> [Exercise prompt]:
An exact transcription of all the records below is required, without any images.

[Image-backed grounding data]
****************************************

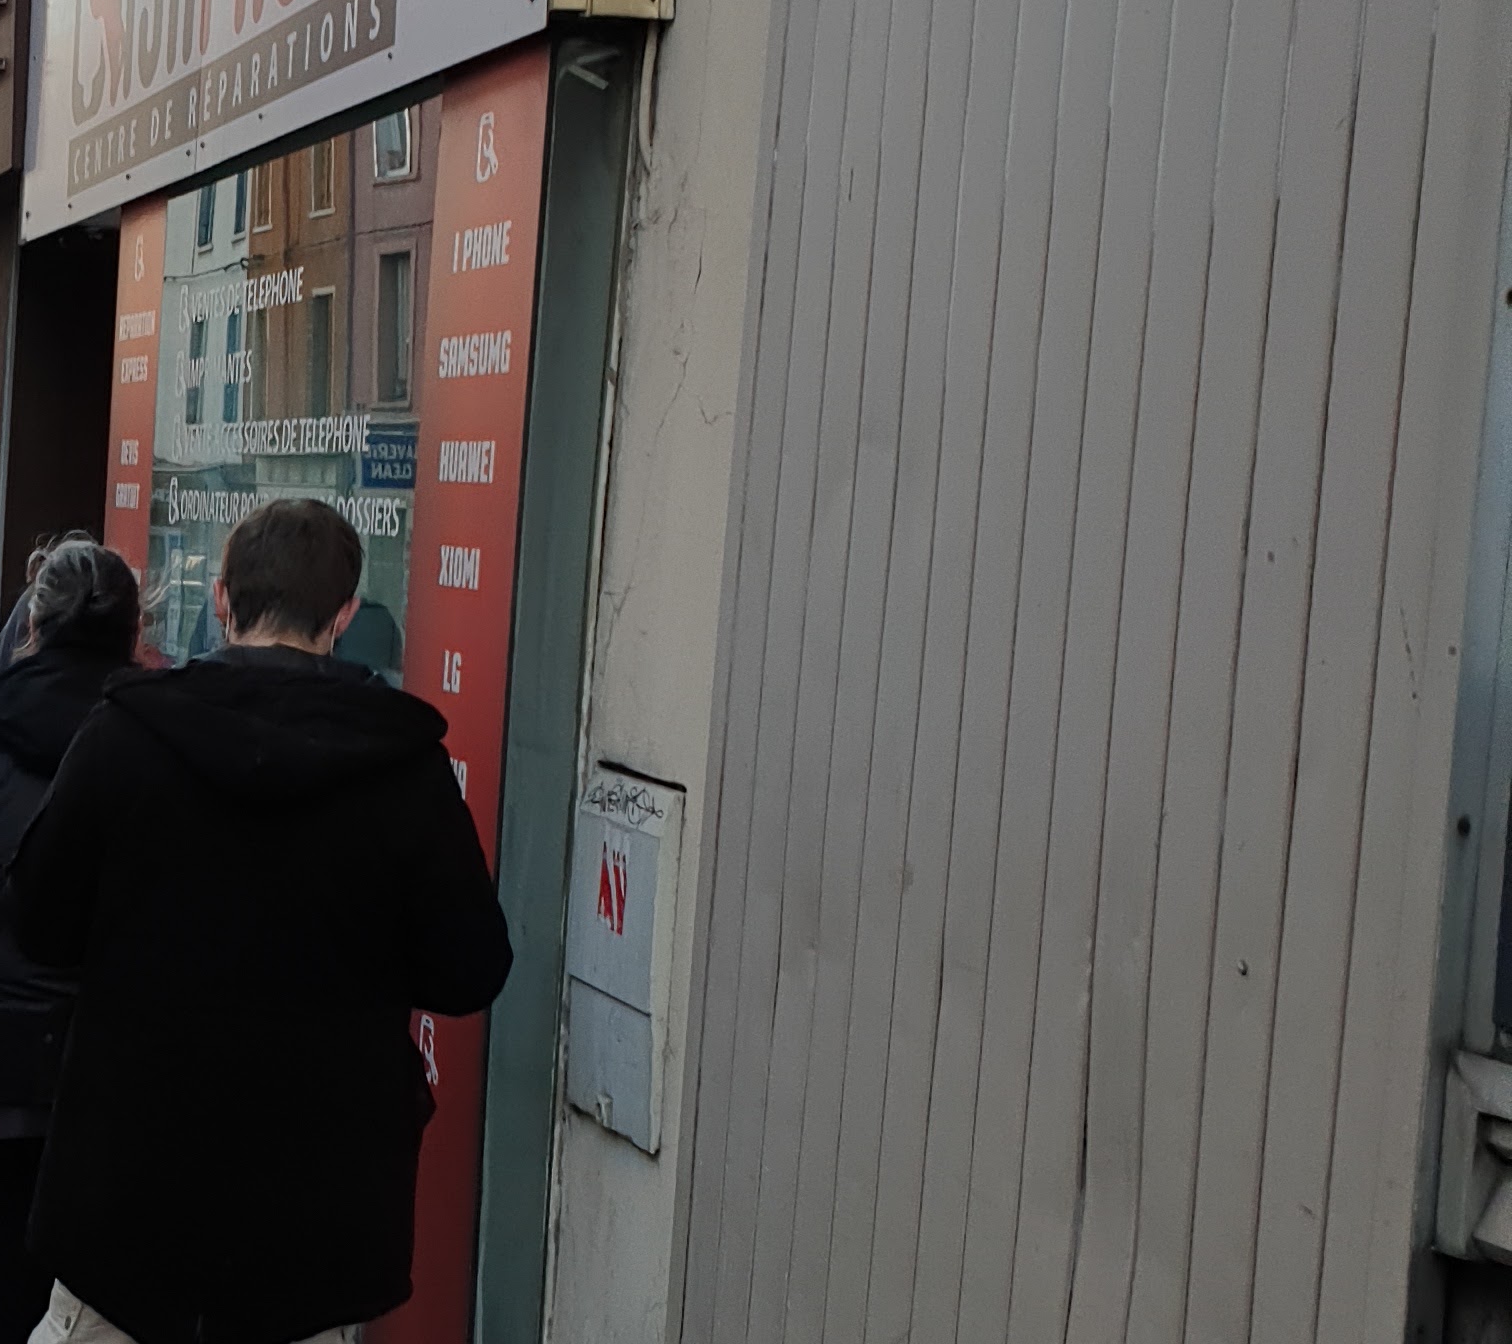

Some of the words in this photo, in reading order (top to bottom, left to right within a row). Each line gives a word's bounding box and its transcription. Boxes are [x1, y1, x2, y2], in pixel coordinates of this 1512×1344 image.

[73, 119, 138, 185] CENTRE
[150, 100, 173, 146] DE
[461, 220, 512, 273] PHONE
[242, 266, 305, 313] TELEPHONE
[281, 419, 298, 454] DE
[299, 414, 371, 454] TELEPHONE
[439, 440, 496, 484] HUAWEI
[180, 489, 239, 525] ORDINATEUR
[439, 544, 480, 591] XIOMI
[442, 649, 462, 694] LG

****************************************

> [Finished task]:
Some of the words in this photo, in reading order (top to bottom, left to right within a row). Each line gives a word's bounding box and its transcription. Boxes are [x1, y1, x2, y2], in pixel coordinates of this 1512×1344 image.

[73, 119, 138, 185] CENTRE
[150, 100, 173, 146] DE
[461, 220, 512, 273] PHONE
[242, 266, 305, 313] TELEPHONE
[281, 419, 298, 454] DE
[299, 414, 371, 454] TELEPHONE
[439, 440, 496, 484] HUAWEI
[180, 489, 239, 525] ORDINATEUR
[439, 544, 480, 591] XIOMI
[442, 649, 462, 694] LG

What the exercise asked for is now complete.